- _Problem details_
Write out the records word for word, with no pictures.

- _Material provided_
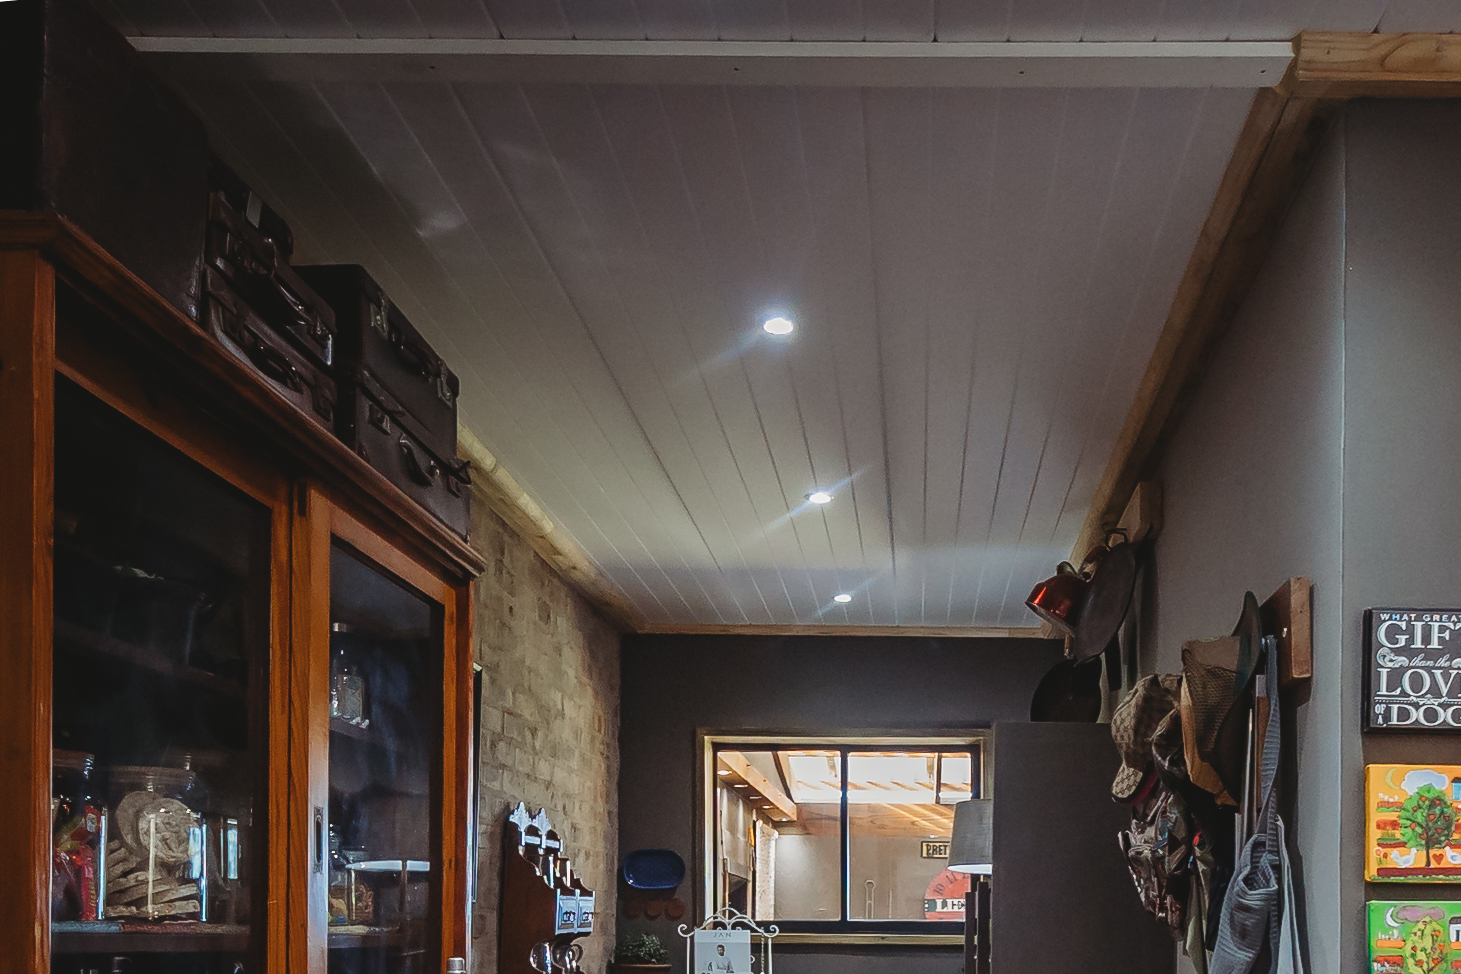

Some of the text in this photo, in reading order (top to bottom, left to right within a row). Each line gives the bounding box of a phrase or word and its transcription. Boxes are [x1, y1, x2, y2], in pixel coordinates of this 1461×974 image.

[1380, 613, 1416, 621] WHAT
[1410, 653, 1451, 667] than the
[1374, 704, 1387, 714] OF
[1377, 715, 1383, 724] A

- _Output for this task_
Some of the text in this photo, in reading order (top to bottom, left to right within a row). Each line gives the bounding box of a phrase or word and its transcription. Boxes are [x1, y1, x2, y2], in pixel coordinates of this 1461×974 image.

[1380, 613, 1416, 621] WHAT
[1410, 653, 1451, 667] than the
[1374, 704, 1387, 714] OF
[1377, 715, 1383, 724] A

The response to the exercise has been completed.